Friday 4 November 2016

Is there an alternative to Article 50?

With the High Court ruling (if upheld) having made it clear that parliamentary approval is needed to trigger Article 50, attention is now likely to shift to the possibility that there are other routes to leaving the EU. A pervasive meme amongst Brexiters has been that the UK could simply shortcut A50 and unilaterally repeal the 1972 European Communities Act. This idea has been adopted by UKIP leadership candidate Suzanne Evans, who recently said:

“Article 50 is not the way to go. That is an EU construct. The best way to do it in my view is to repeal the 1972 European Communities Act as soon as possible”

This course of action has also been recommended by long-time Tory Eurosceptic John Redwood.

Whilst this option was not explicitly considered by the High Court (which considered the repeal of the 1972 Act at the end of the Lisbon A50 process, rather than before and instead of that process), its ruling directly impinges upon it in that only parliament could repeal the 1972 Act. But would it, in any case, be a good idea? The EU Law expert Professor Steve Peers explains that:

“[P]olitically and economically speaking, this option is insane. It would leave many practical details of withdrawing from the EU unresolved, such as payments of EU funds to UK recipients.
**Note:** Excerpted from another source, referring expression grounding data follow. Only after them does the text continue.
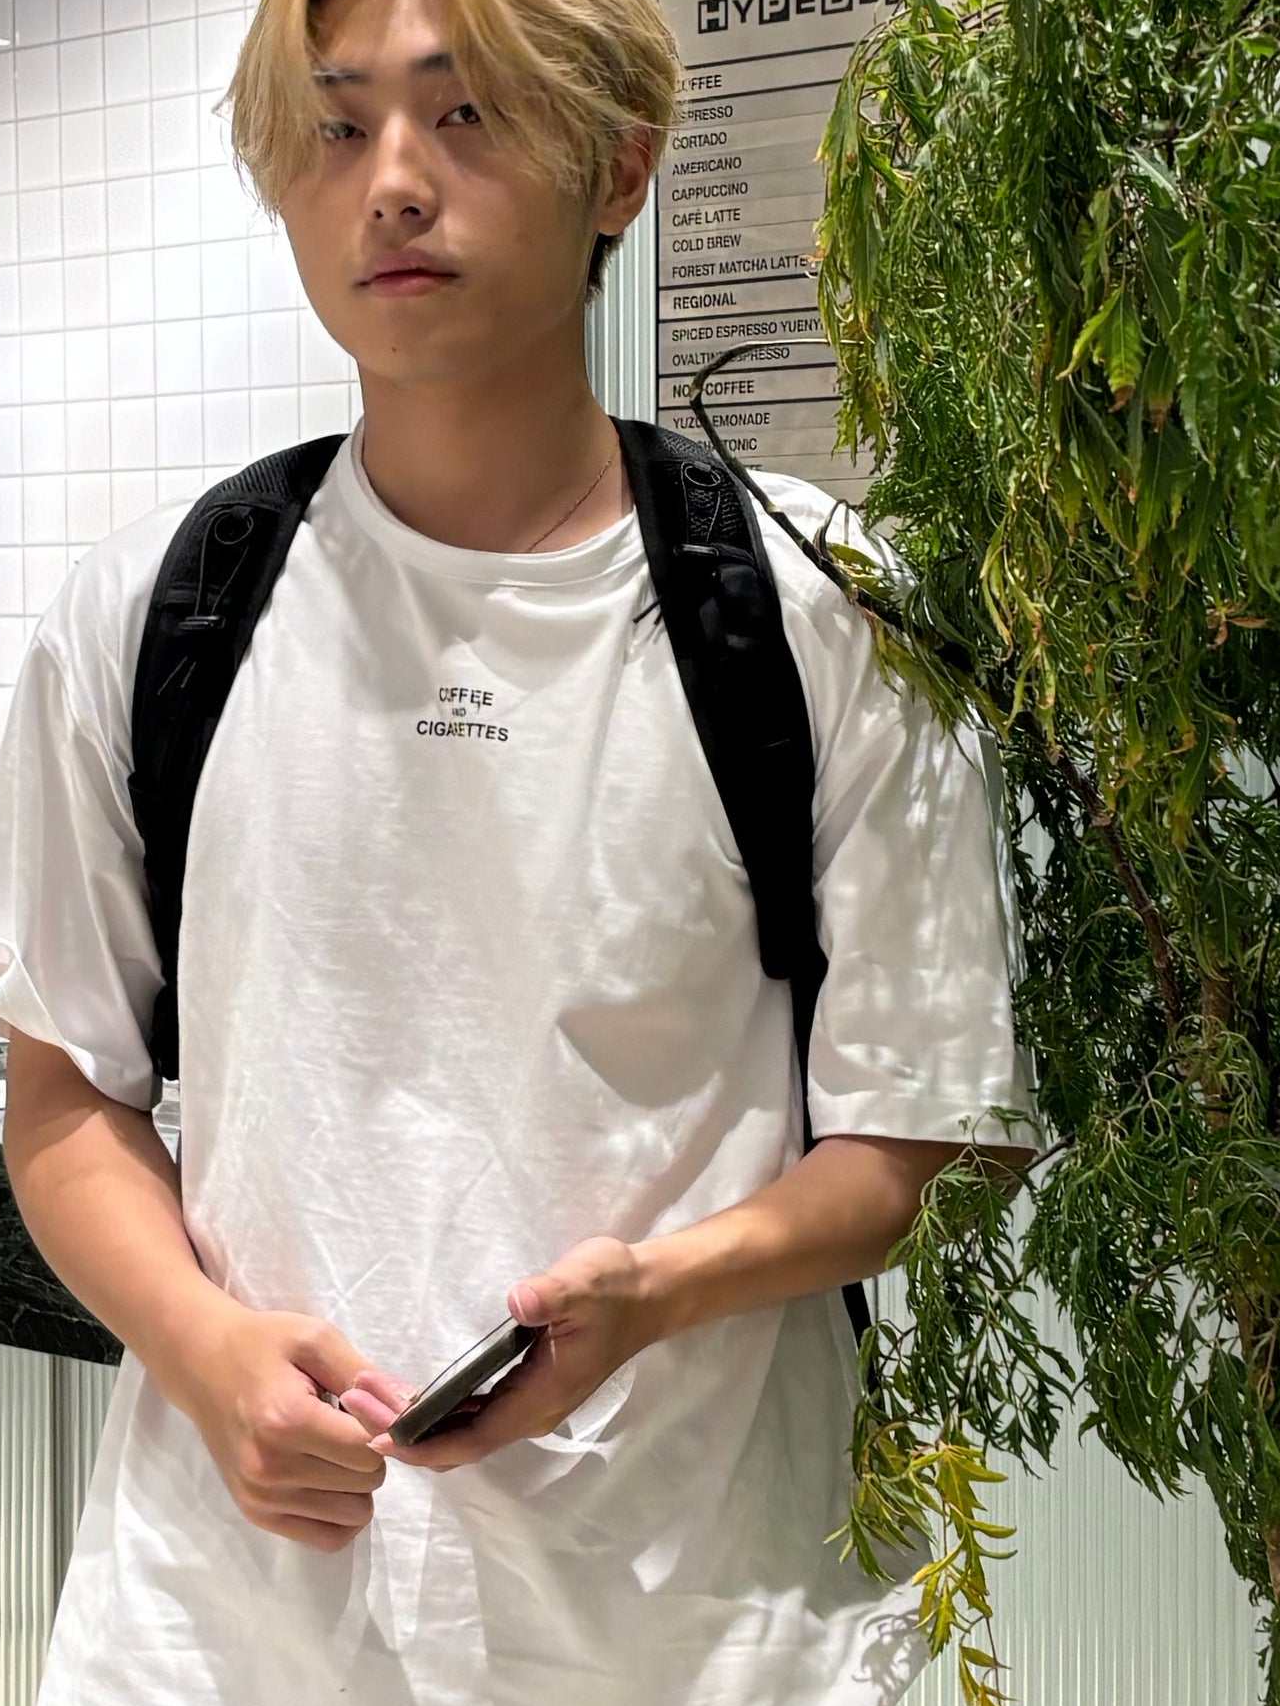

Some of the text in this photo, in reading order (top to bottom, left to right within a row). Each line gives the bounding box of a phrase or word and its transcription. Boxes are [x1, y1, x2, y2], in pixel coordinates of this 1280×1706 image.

[676, 74, 722, 92] OFFEE
[672, 131, 728, 150] CORTADO
[672, 156, 742, 176] AMERICANO
[672, 181, 748, 201] CAPPUCCINO
[672, 208, 741, 227] CAFÉ LATTE
[672, 234, 741, 253] COLD BREW
[672, 254, 807, 278] FOREST MATCHA LATTE
[673, 291, 737, 310] REGIONAL
[672, 327, 713, 341] SPICED
[716, 322, 777, 338] ESPRESSO
[672, 351, 721, 366] OVALTIN
[713, 412, 770, 427] EMONADE
Even if the UK could revert its membership of the EEA, that would only govern the trade arrangements with the EU, not issues outside the scope of the EEA. For instance, it would immediately end the UK’s involvement in the European Arrest Warrant (EAW). Unless we had negotiated a transitional and/or replacement arrangement – which is obviously the point of having the two-year period set out in Article 50 – defence lawyers would argue that any EAWs which the UK had issued to other Member States, and any EAWs issued by other Member States which the UK was seeking to execute, were invalid. That would mean that no fugitives could be arrested or detained on the basis of those invalid EAWs, and those already detained would have to be released. More broadly, such a ‘unilateral declaration of independence’ would destroy the UK’s credibility as a negotiating partner with the remaining EU, and indeed with anyone else, given the clear contempt that it would display for the legal rules which the UK had previously accepted. It would be a long time before the UK could plausibly claim again that it had a record of ‘fair play’ in international negotiations.”

The impetus to ‘just do it’ will doubtless resonate with many Leave voters – I recently heard a voxpop where someone thought that we had already left the EU - but as with so much in the current situation the complex realities don’t fit with the populist simplicities.